Entre 1934 et 1938, l’Allemagne nazie a financé son réarmement massif par un mécanisme financier ingénieux et opaque : les bons Mefo. Quatre-vingt-dix ans plus tard, l’Europe fait face à une accumulation de dettes souveraines combinée à une rhétorique de réarmement de plus en plus agressive. Ce rapprochement historique mérite une analyse détaillée.

Partie I : Les bons Mefo — Anatomie d’un financement occulte

Le contexte de 1934

L’Allemagne post-Traité de Versailles faisait face à deux contraintes majeures : l’interdiction de se réarmer et une limite légale de 100 millions de Reichsmarks pour les prêts de la Reichsbank au gouvernement.
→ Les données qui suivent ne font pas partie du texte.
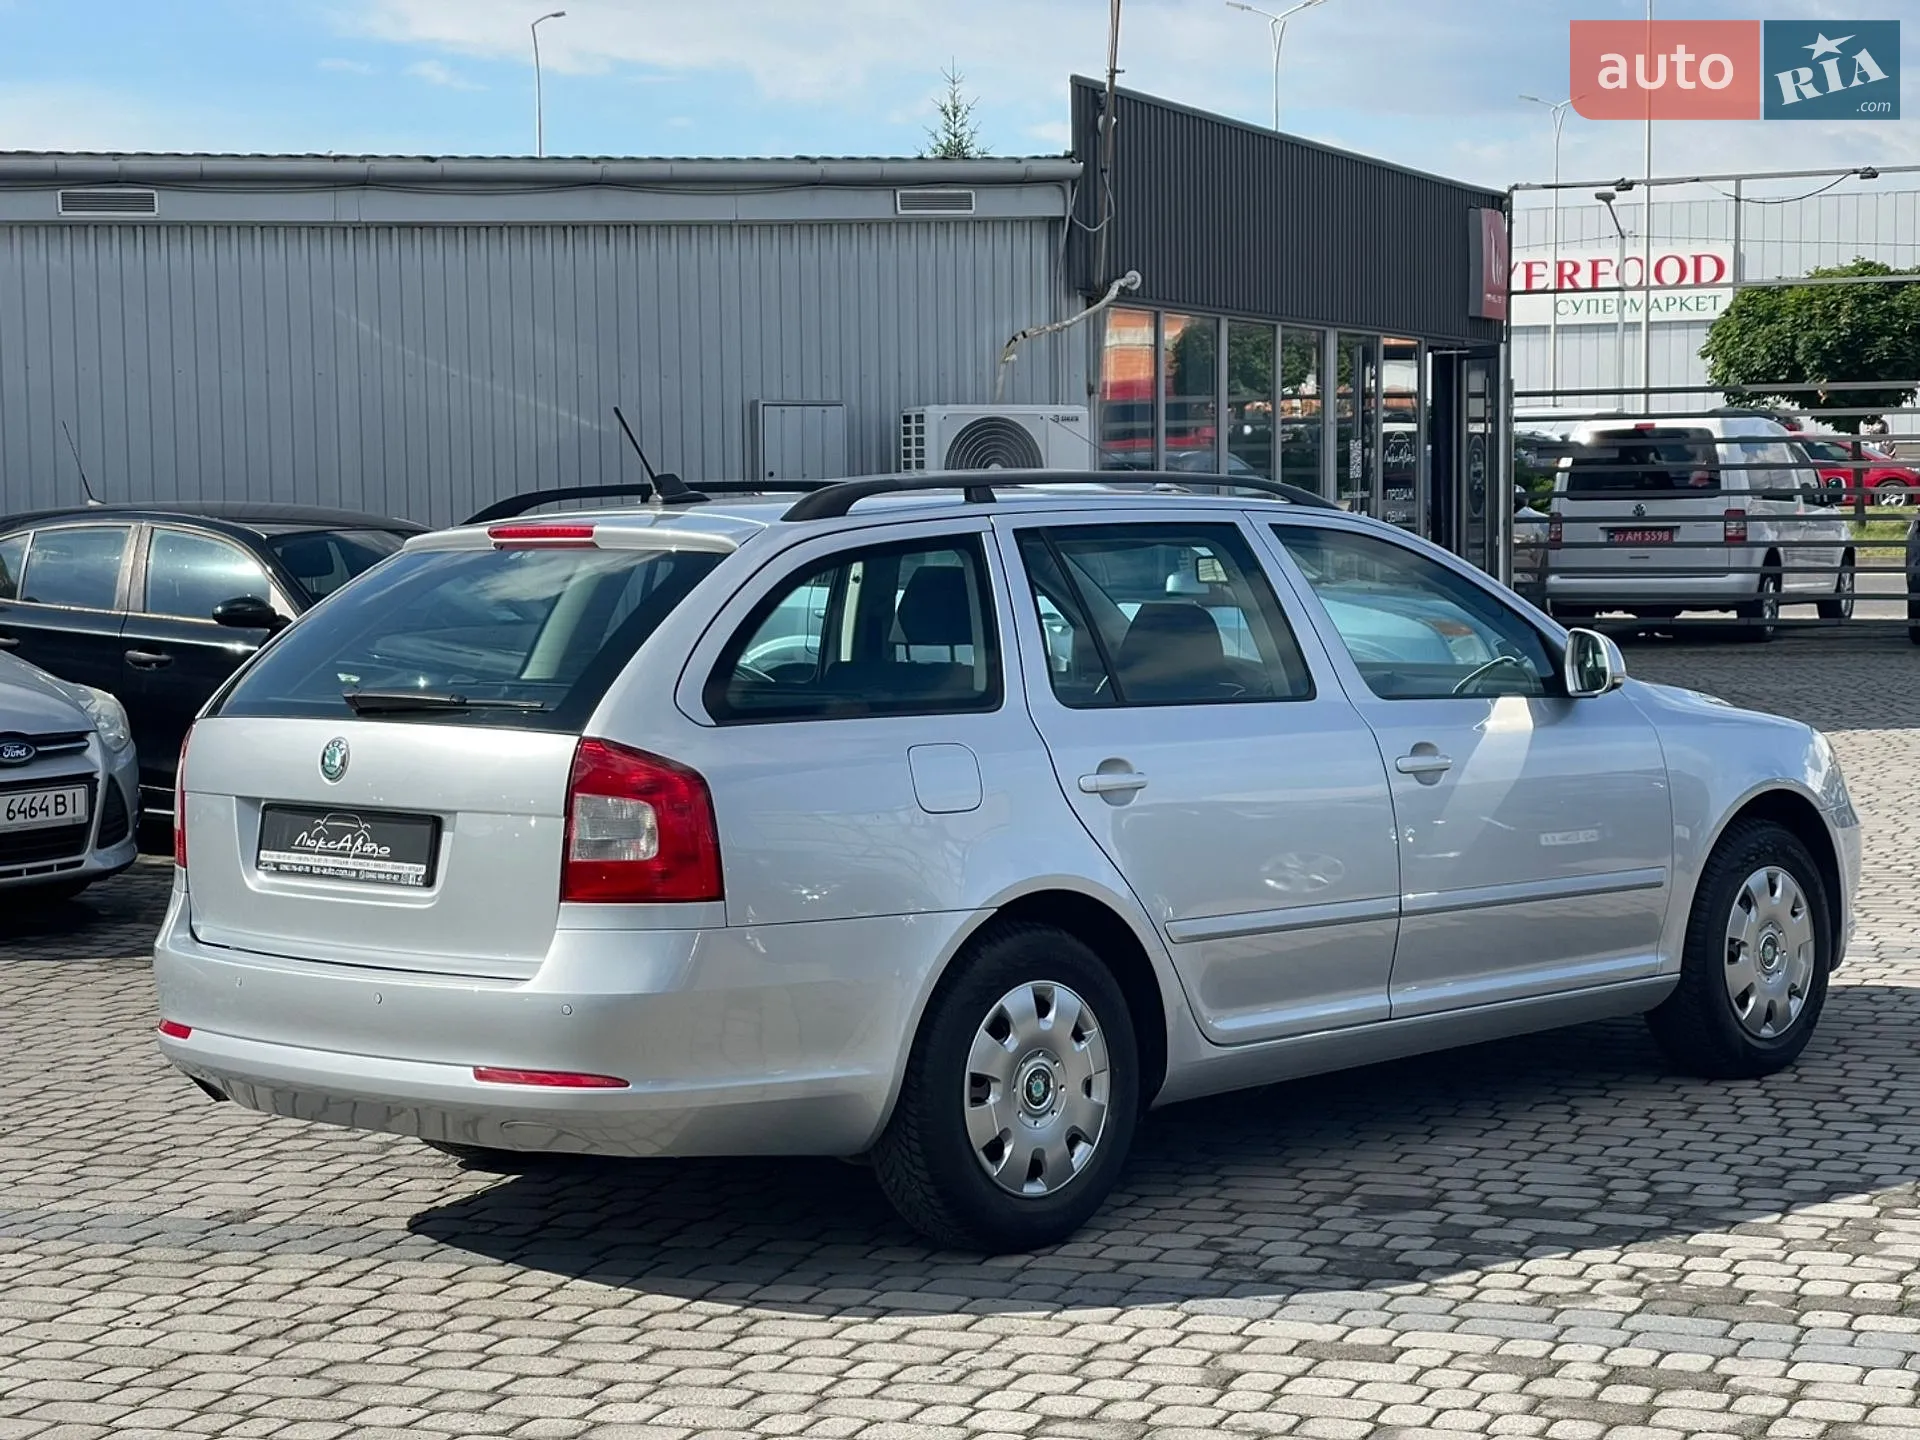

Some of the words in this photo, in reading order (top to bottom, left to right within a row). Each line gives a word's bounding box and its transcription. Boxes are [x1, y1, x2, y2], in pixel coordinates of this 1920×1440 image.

[1625, 531, 1642, 541] AM
[2, 745, 27, 758] Ford
[6, 795, 50, 821] 6464
Hjalmar Schacht, président de la Reichsbank, conçut un système permettant de contourner ces deux obstacles simultanément.

Le mécanisme

Les bons Mefo étaient des billets à ordre de six mois émis via une société écran — la Metallurgische Forschungsgesellschaft (Société de Recherche Métallurgique). Cette entreprise n’avait qu’un capital nominal d’un million de Reichsmarks et n’exerçait aucune activité réelle. Elle servait uniquement de véhicule pour le financement militaire.
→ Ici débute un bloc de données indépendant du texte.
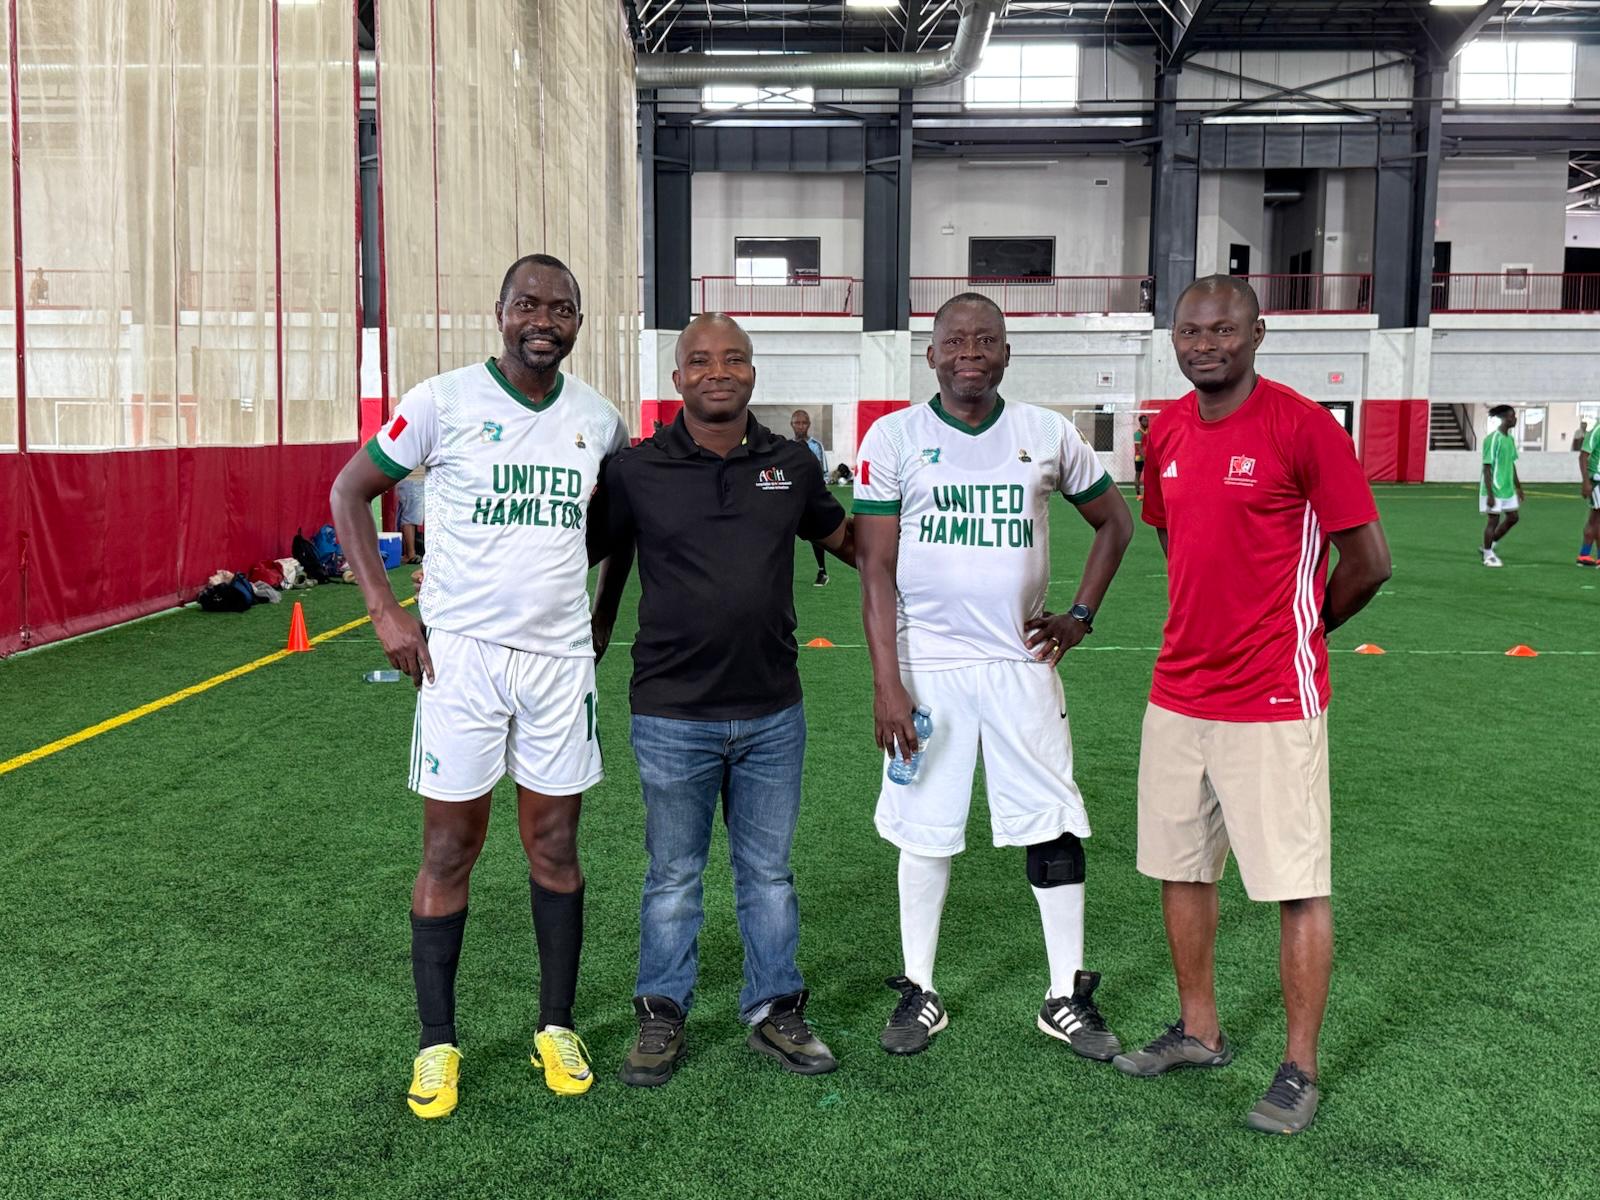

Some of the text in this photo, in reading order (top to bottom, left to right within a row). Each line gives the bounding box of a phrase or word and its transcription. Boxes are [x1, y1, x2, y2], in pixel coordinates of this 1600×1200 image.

[493, 464, 582, 498] UNITED
[472, 497, 582, 529] HAMILTON
[932, 484, 1024, 514] UNITED
[919, 515, 1034, 548] HAMILTON
Le système fonctionnait ainsi :

  • Les fabricants d’armement (Krupp, Siemens, Rheinmetall) recevaient des bons Mefo en paiement de leurs livraisons
  • Ces bons pouvaient être escomptés auprès de n’importe quelle banque allemande à tout moment
  • Les banques pouvaient ensuite les réescompter auprès de la Reichsbank
  • Les bons portaient un intérêt de 4%, supérieur aux autres effets commerciaux
  • La maturité initiale de 90 jours était systématiquement prolongée jusqu’à 5 ans

L’ampleur du système

En avril 1938, 12 milliards de Reichsmarks de bons Mefo étaient en circulation, contre 19 milliards d’obligations gouvernementales standard. Ce système permit un déficit équivalent à 12% du PIB sans inflation apparente et sans que l’ampleur des dépenses militaires apparaisse dans les comptes publics officiels.

« Une escroquerie à l’échelle nationale sans précédent. »
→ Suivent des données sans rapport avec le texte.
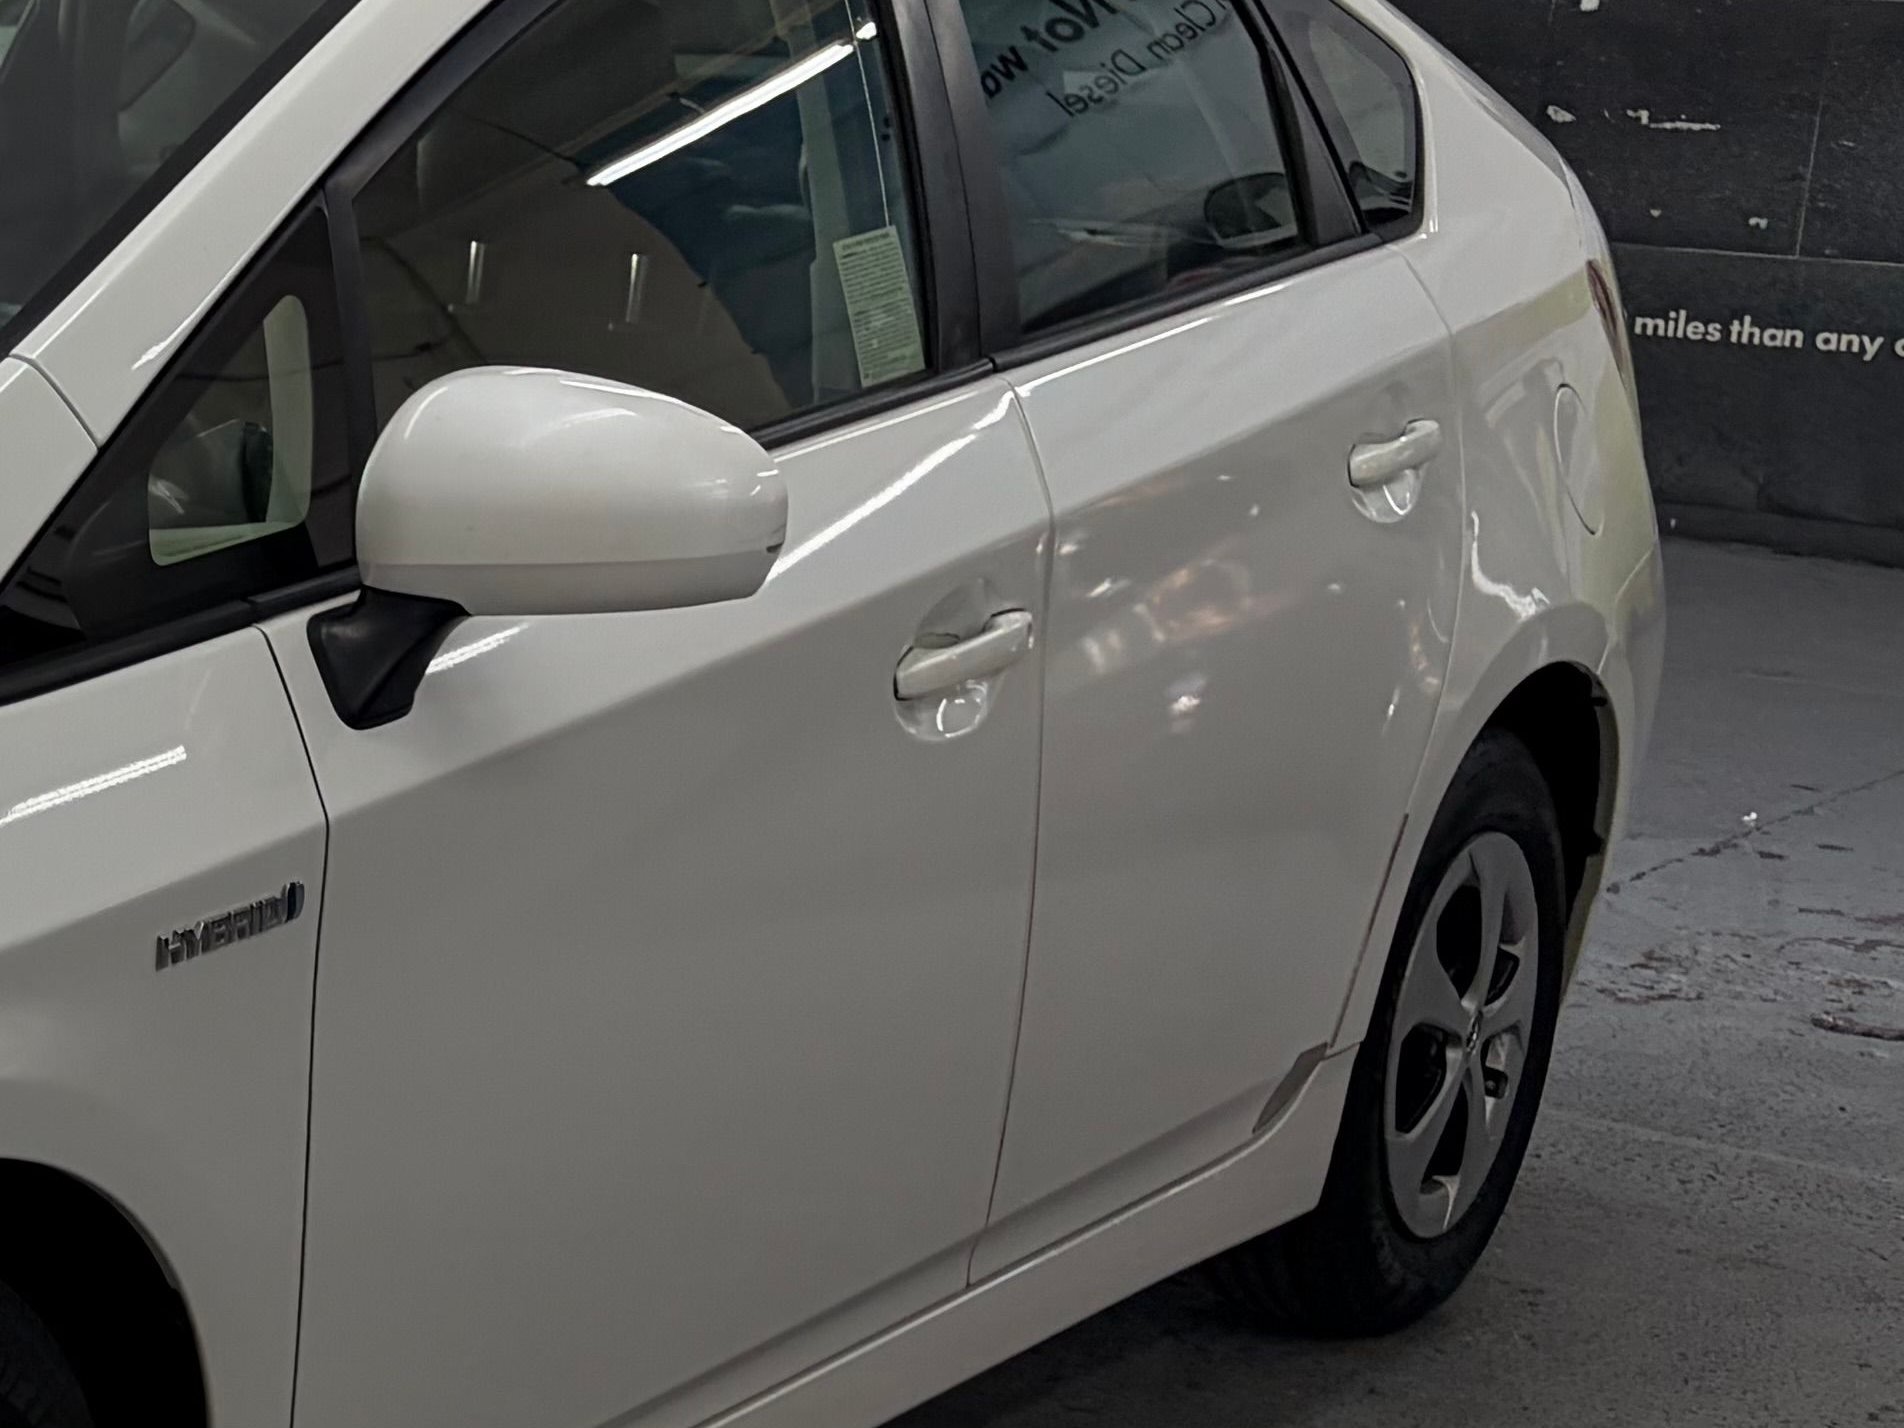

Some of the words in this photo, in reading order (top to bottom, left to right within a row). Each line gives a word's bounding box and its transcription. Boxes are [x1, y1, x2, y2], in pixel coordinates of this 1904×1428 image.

[1634, 309, 1722, 342] miles
[1729, 315, 1804, 348] than
[1815, 331, 1884, 361] any
[154, 883, 290, 972] HYBRID
— Iona Nikitchenko, juge soviétique au procès de Nuremberg

La falaise fiscale de 1938-1939

En mars 1938, Schacht mit fin au système car il devenait incontrôlable. Les premiers bons garantis pour 5 ans allaient arriver à échéance en 1939 et les détenteurs les présenteraient à la Reichsbank pour paiement. Schacht tenta de vendre des obligations à long terme aux créanciers des bons Mefo en lieu et place du remboursement en espèces, sans succès.

Le régime nazi se trouvait face à un choix : imprimer de la monnaie (risquant l’hyperinflation qui hantait encore les mémoires de 1923) ou trouver des ressources externes. La guerre et le pillage des pays conquis apparurent comme la seule issue permettant de rembourser cette dette fantôme.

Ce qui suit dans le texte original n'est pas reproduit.